July 30, 2012 at 10:34 am
We have a table data from other source. One of the columns Model is varchar(5), most of values are like integer, values for example like 15, 80. others are null.
Recently a value like like a varchar 'F' was imported in.
We want to filter out it.
So I want to use select * from the table where the model is either an integer or null.
Is there a way to do that?
Thanks
July 30, 2012 at 10:38 am
select * from the table where the model not like '%[^0-9]%'
that will filter out anything that has anything that is not in the range of 0-9 characters; so punctuuation, or letters eliminate the results, and nulls are automatically excluded as well
Lowell
July 30, 2012 at 10:47 am
Thanks, it is very helpful. What if I want to include Null?
Also is this doing the same thing?
select * from table where ISNUMERIC(MODEL)=1 OR Model IS null
Thanks
July 30, 2012 at 10:51 am
And I got the same result.
But for the isNumberic option, what I am wondering is the column data type is varchar, how come the result of isNumeric turns true for values like 18, 40, although they look like an integer but the data type is varchar. Does it mean there is an implicit conversion when doing the isNumberic check?
Thanks
July 30, 2012 at 10:56 am
IsNumeric tests to see if the string matches any of a number of specific patterns for all sorts of data types.
select isnumeric('3e0'),isnumeric('3,4'),isnumeric('$23,454')
'18' is certainly convertable an integer, for example...did you think it should not?
Lowell
July 30, 2012 at 11:00 am
ISNUMERIC will return a 1 if the value that is being tested can be converted to a int, bigint, smallint, tinyint, decimal, numeric, money, smallmoney, float, or real datatype.
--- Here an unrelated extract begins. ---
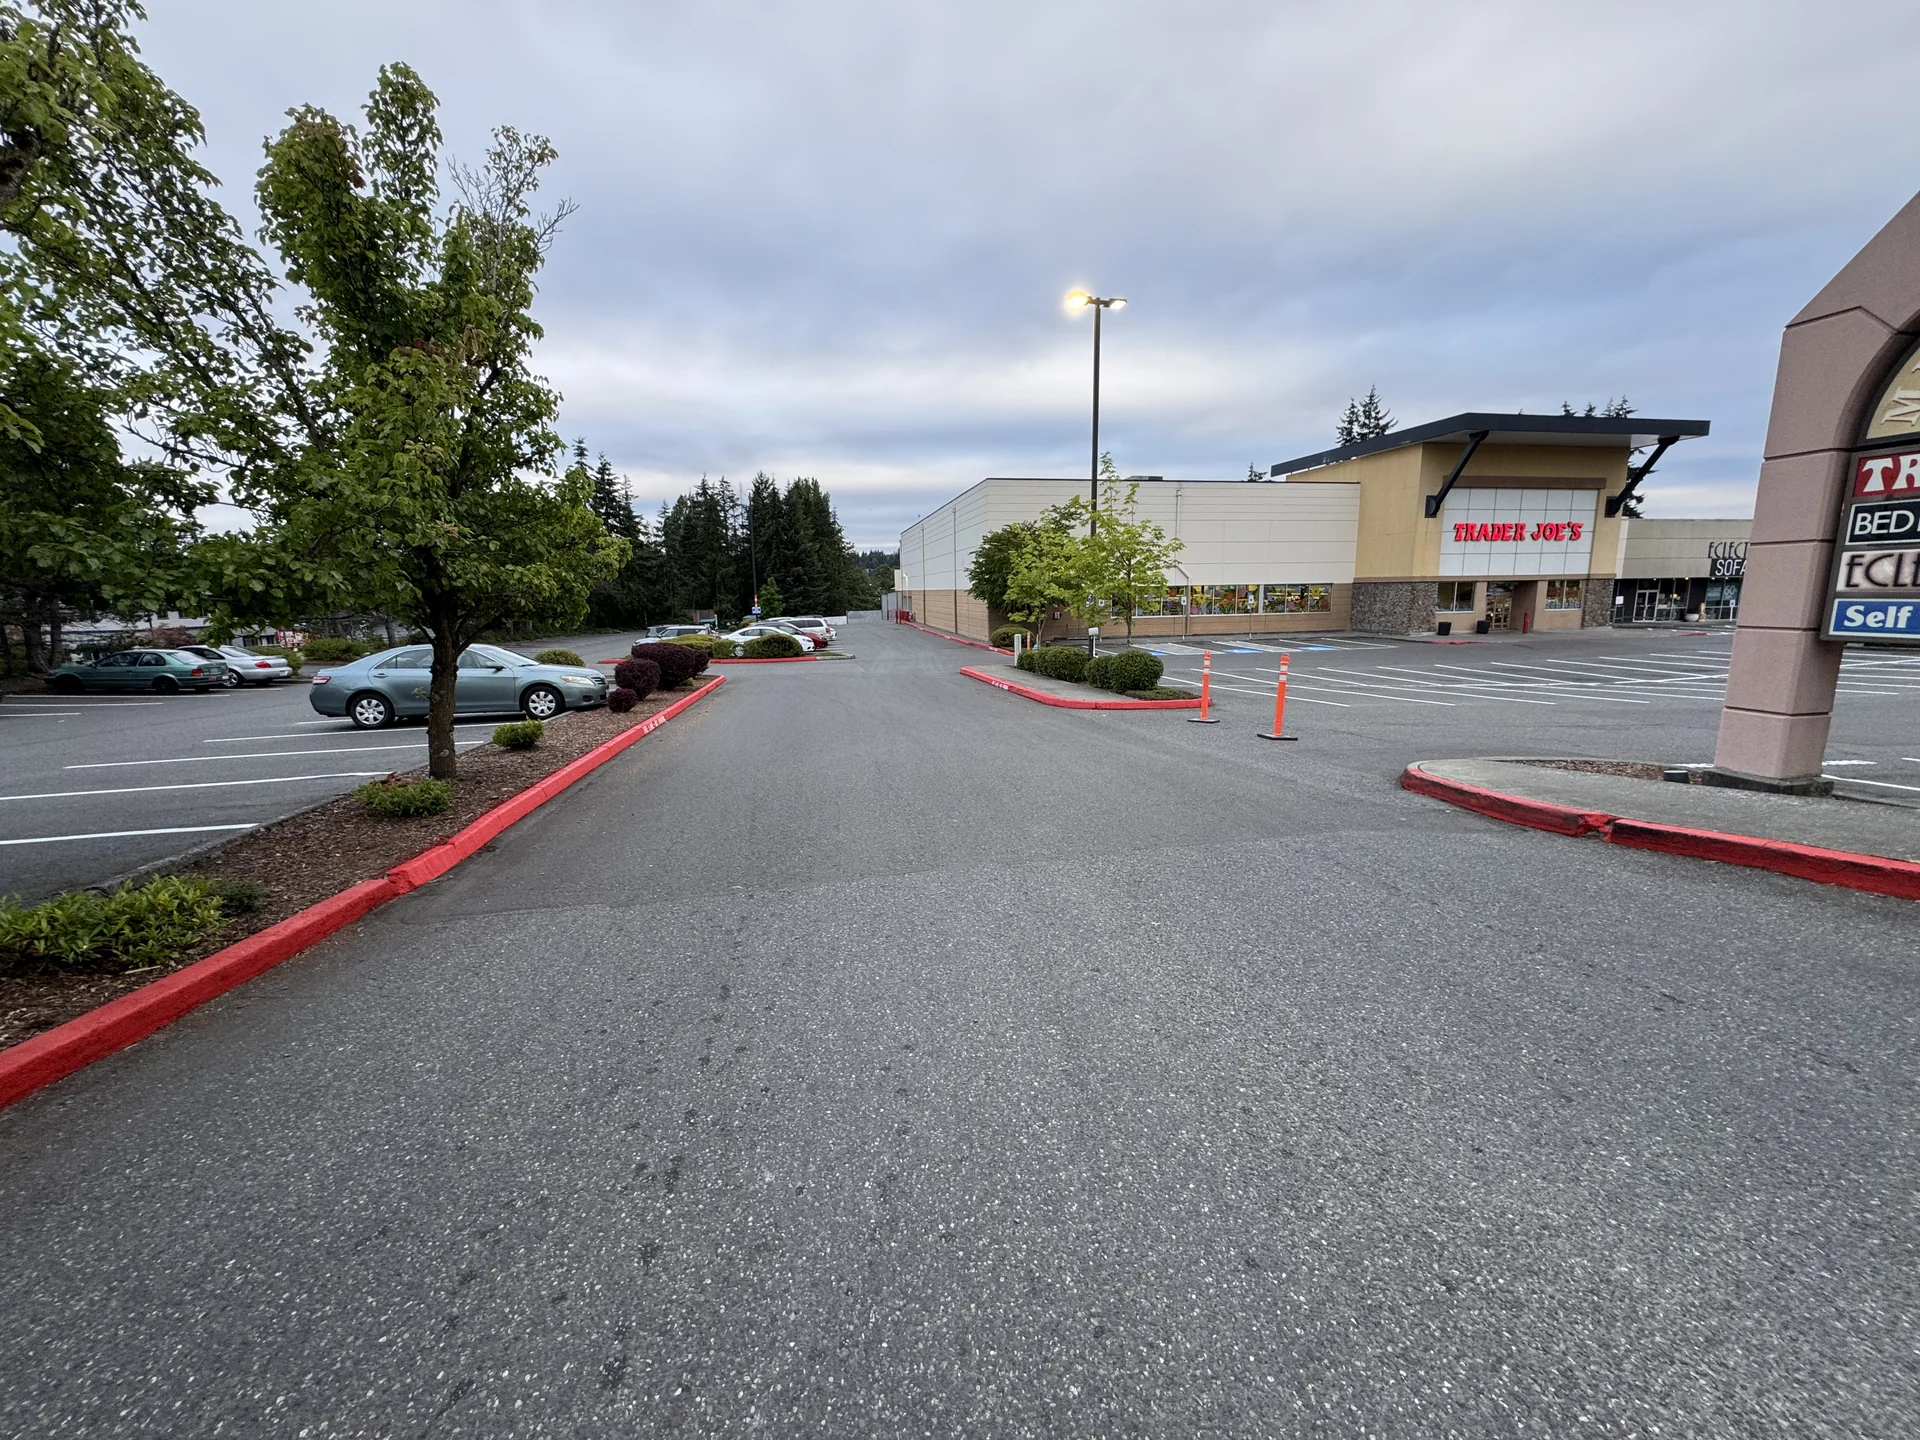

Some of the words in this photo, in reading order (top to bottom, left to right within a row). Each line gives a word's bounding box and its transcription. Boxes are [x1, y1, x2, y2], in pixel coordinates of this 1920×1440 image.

Be careful with it becuase if you are just looking for values that could be int in your data, you are likely to get some false positives.
This code also shows some things a person may not expect from the function:
select ISNUMERIC('1e1'), ISNUMERIC('-$,0.1'), ISNUMERIC('100' + 'e0'), ISNUMERIC('1e1' + 'e0')
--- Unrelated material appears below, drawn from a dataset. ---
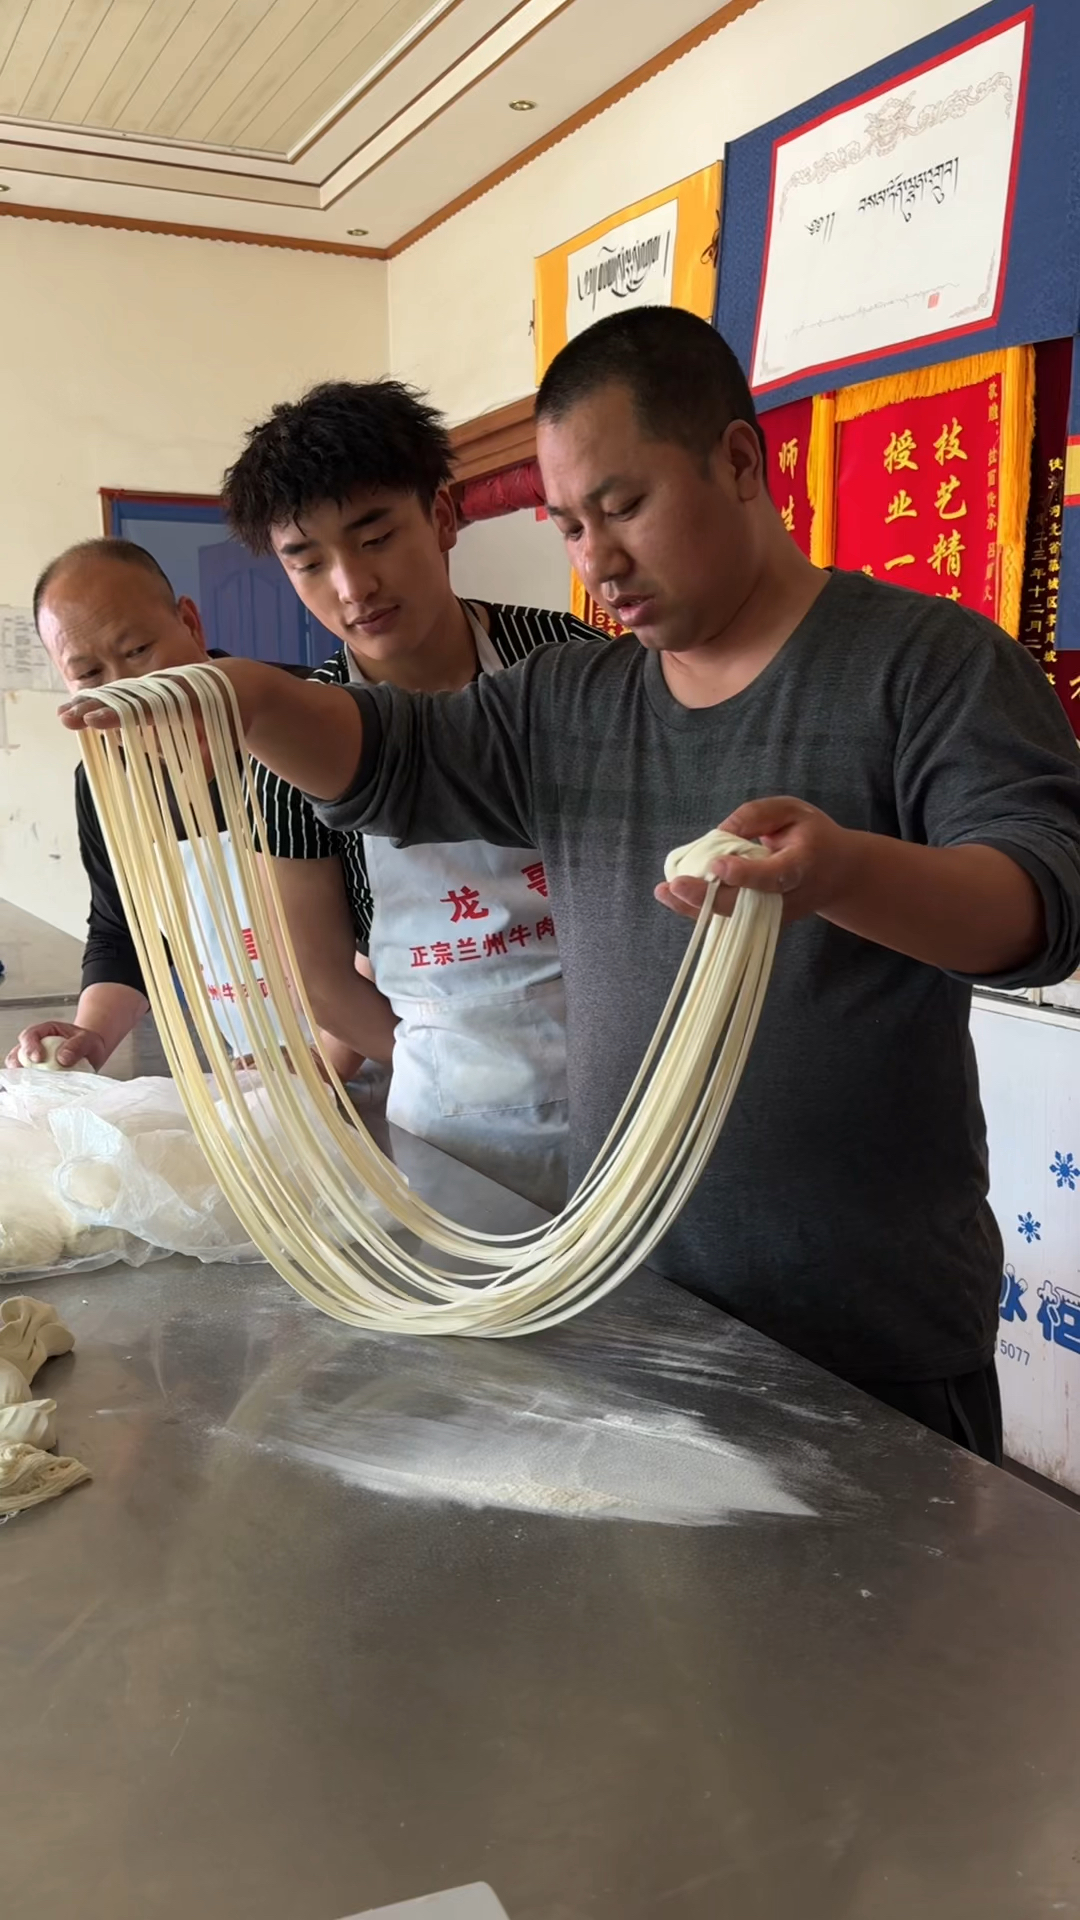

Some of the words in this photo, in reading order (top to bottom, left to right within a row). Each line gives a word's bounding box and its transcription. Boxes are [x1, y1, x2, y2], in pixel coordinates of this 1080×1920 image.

http://msdn.microsoft.com/en-us/library/ms186272(v=sql.105).aspx
July 30, 2012 at 11:05 am
roryp 96873 (7/30/2012)
ISNUMERIC will return a 1 if the value that is being tested can be converted to a int, bigint, smallint, tinyint, decimal, numeric, money, smallmoney, float, or real datatype. Be careful with it becuase if you are just looking for values that could be int in your data, you are likely to get some false positives.
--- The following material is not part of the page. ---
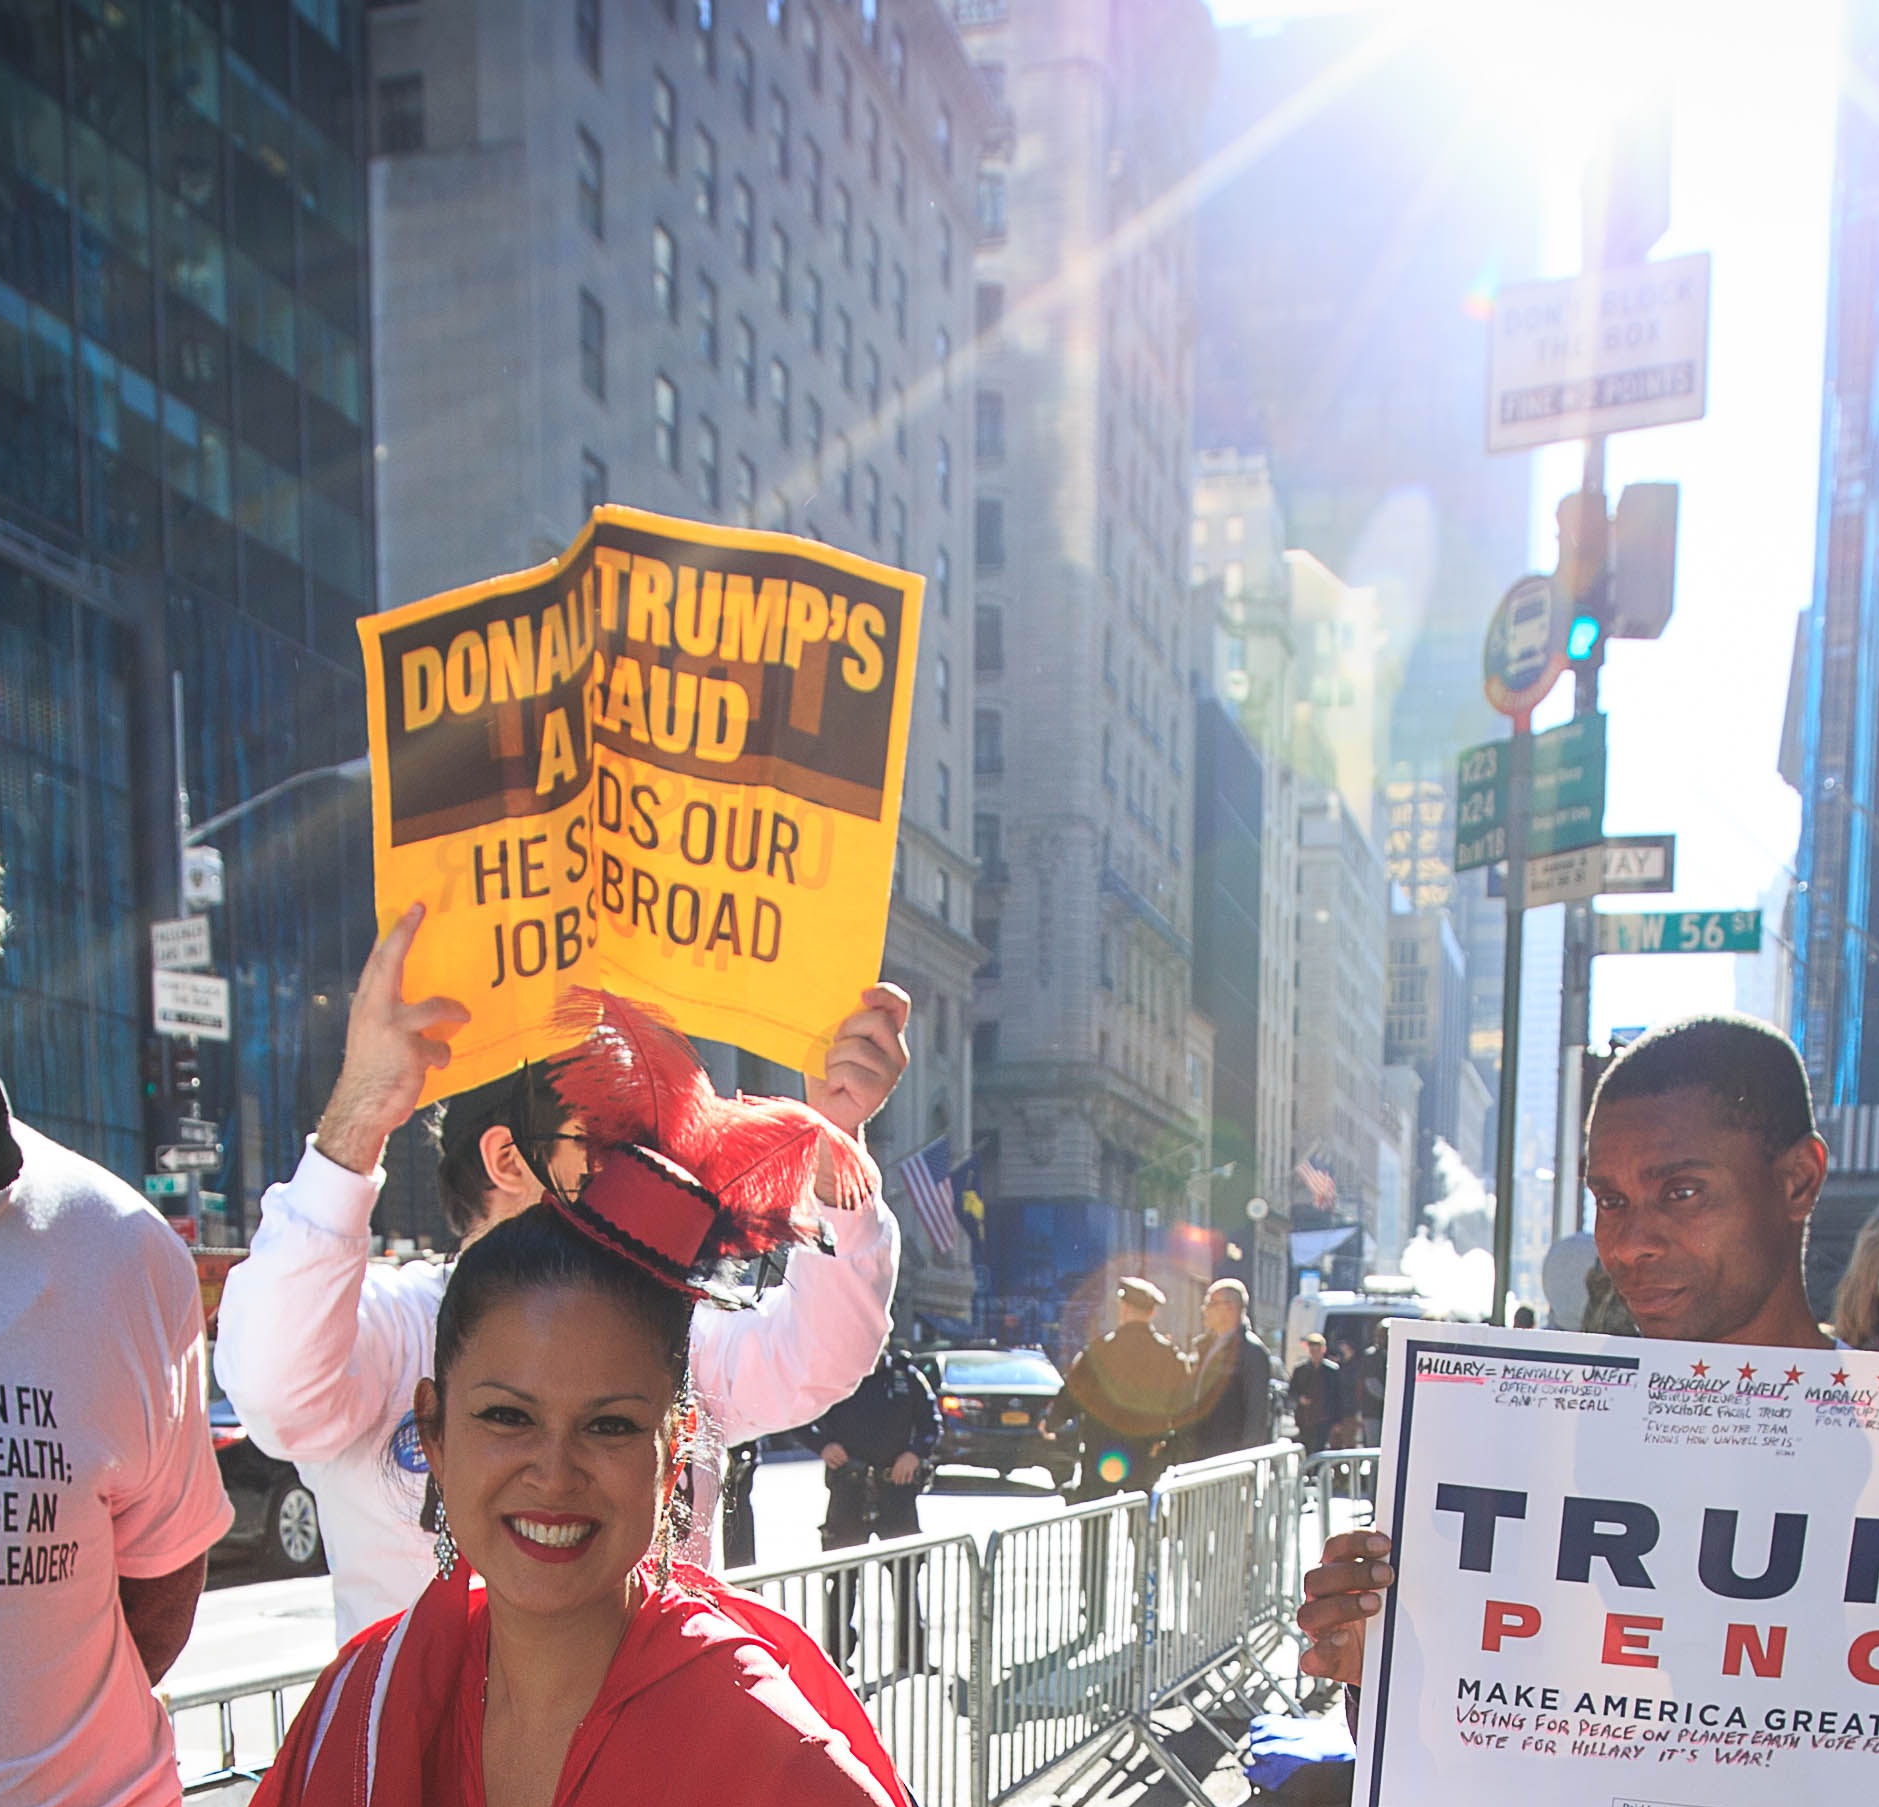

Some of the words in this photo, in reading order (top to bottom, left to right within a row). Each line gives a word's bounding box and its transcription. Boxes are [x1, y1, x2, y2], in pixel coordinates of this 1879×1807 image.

The underline part is clear to answer my question. Thanks
so using below is better option?
select * from the table where the model not like '%[^0-9]%' or model is null
July 30, 2012 at 11:09 am
sqlfriends (7/30/2012)
roryp 96873 (7/30/2012)
ISNUMERIC will return a 1 if the value that is being tested can be converted to a int, bigint, smallint, tinyint, decimal, numeric, money, smallmoney, float, or real datatype. Be careful with it becuase if you are just looking for values that could be int in your data, you are likely to get some false positives.The underline part is clear to answer my question. Thanks
so using below is better option?
select * from the table where the model not like '%[^0-9]%' or model is null
Yes, I would say Lowell's solution will work better than isnumeric for you. It really depends on your data though, if you have a value of 18.0, that code will skip over it. If you don't have data like that, or don't want things with a .0 at the end to be considered ints in your case, you should be good.
Viewing 8 posts - 1 through 7 (of 7 total)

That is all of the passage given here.